Нет, друг, всего – за два дня.
Как будто голова кверху скошена острей. И глаза подрагивающими веками сжимаются-разжимаются, как для выстрела.
– Да что такое?..
– Рас-ска-жу…
Держа за плечи: переночуешь? С тем и ехал. Хорош-шо!
– С конями распорядишься, вестового устроишь?
– Ну, ещё бы. Цыж! Сковородку картошки! И – неприкосновенного, ладно?
Саню одолевает суета принять гостя. А пока ходил распоряжаться, – в землянке, от внутреннего толчка, сменил свою гимнастёрку с георгиевским крестом на простую, пустую. Что-то подсказало в настроеньи. Котя – смелый, Котя – воинственней Сани, ну не попался ему такой случай.
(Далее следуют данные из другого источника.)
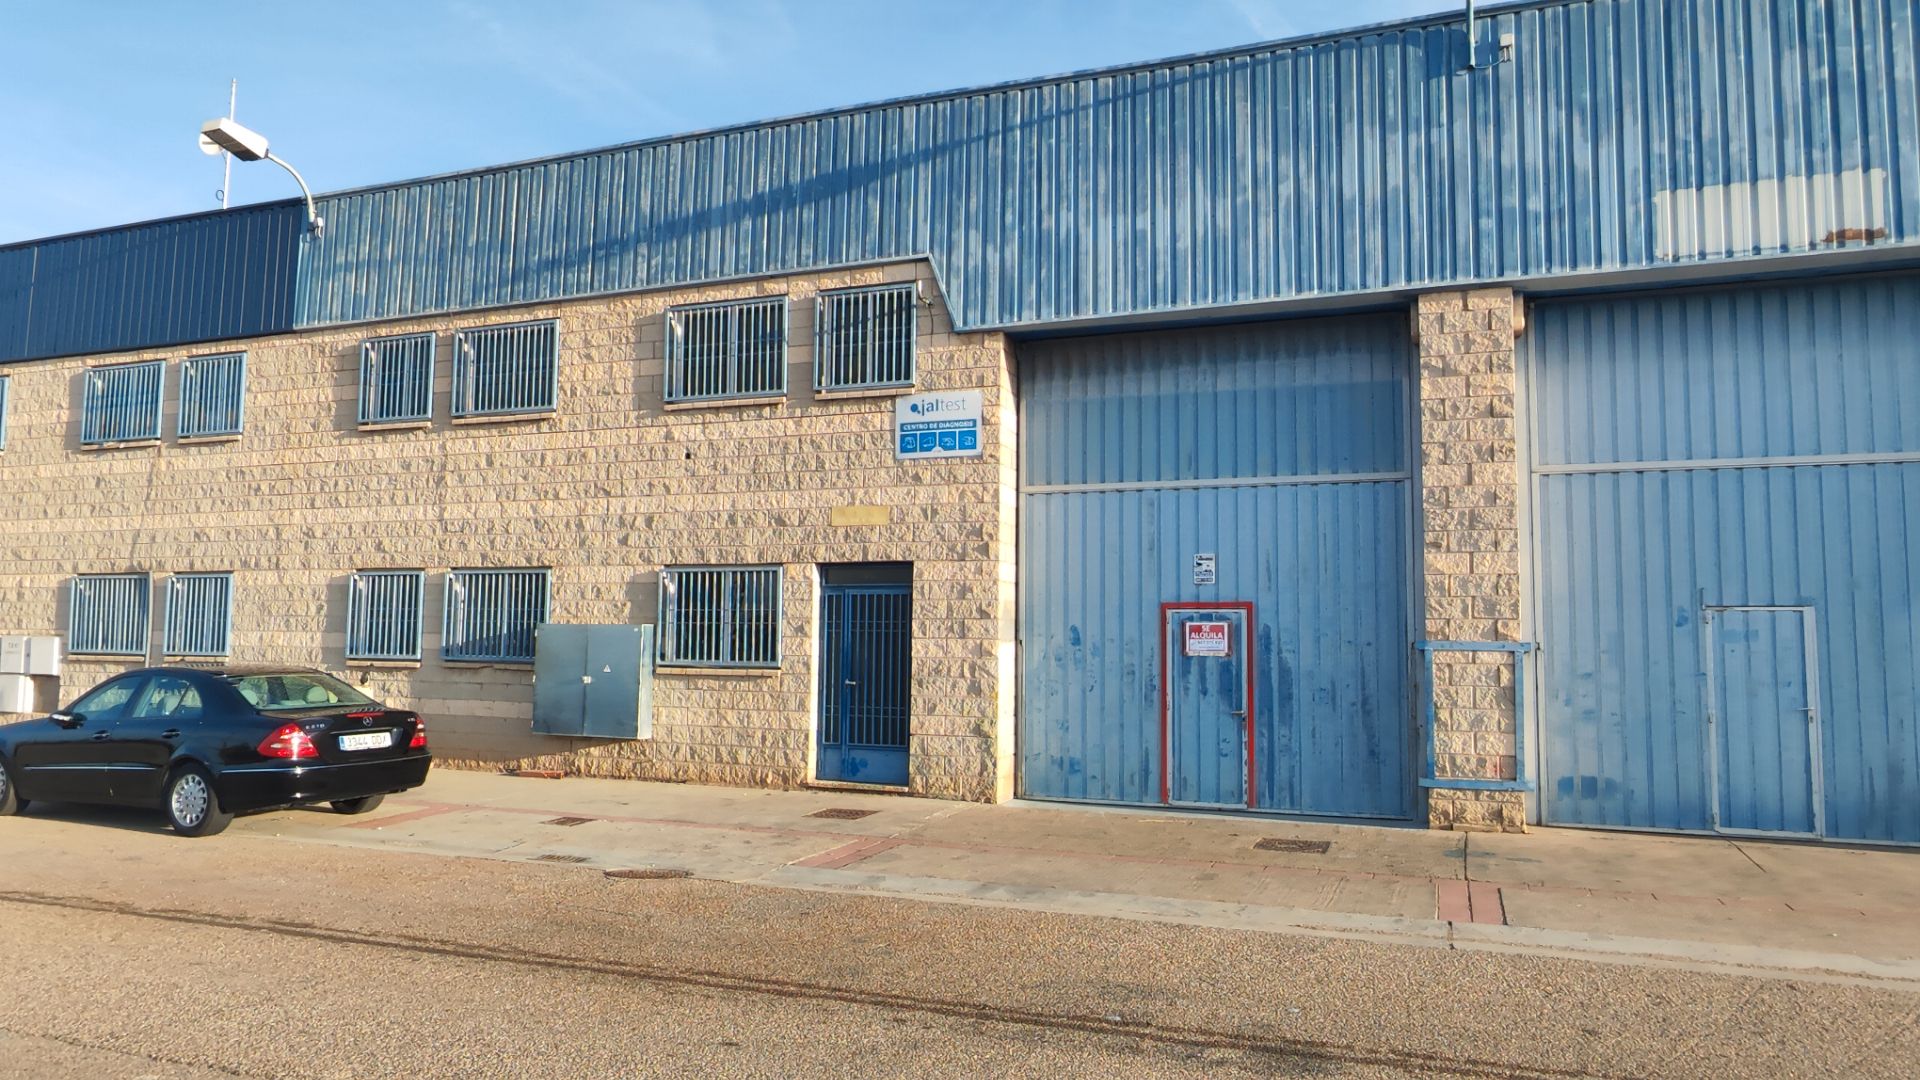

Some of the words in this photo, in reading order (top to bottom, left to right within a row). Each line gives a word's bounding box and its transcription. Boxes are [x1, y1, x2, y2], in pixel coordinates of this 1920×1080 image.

[921, 397, 966, 416] jaltest
[903, 423, 927, 431] CENTRO
[1201, 624, 1210, 632] SE
И хотя вы оба знаете, что не от подвига зависит, а – кому как повезёт, хорошо ли составлена наградная бумага, и на тот ли стол она ляжет, и в тот ли момент, и могут с мечами дать, кто и боя не нюхал, и могут совсем обойти, а всё равно: чтоб не налетело помешной тенью. Сане и гордо в новинку, как мальчику, а вдуматься: безсмысленно. И несправедливо, что у друга – только анненский красный темляк на шашке да Станислав.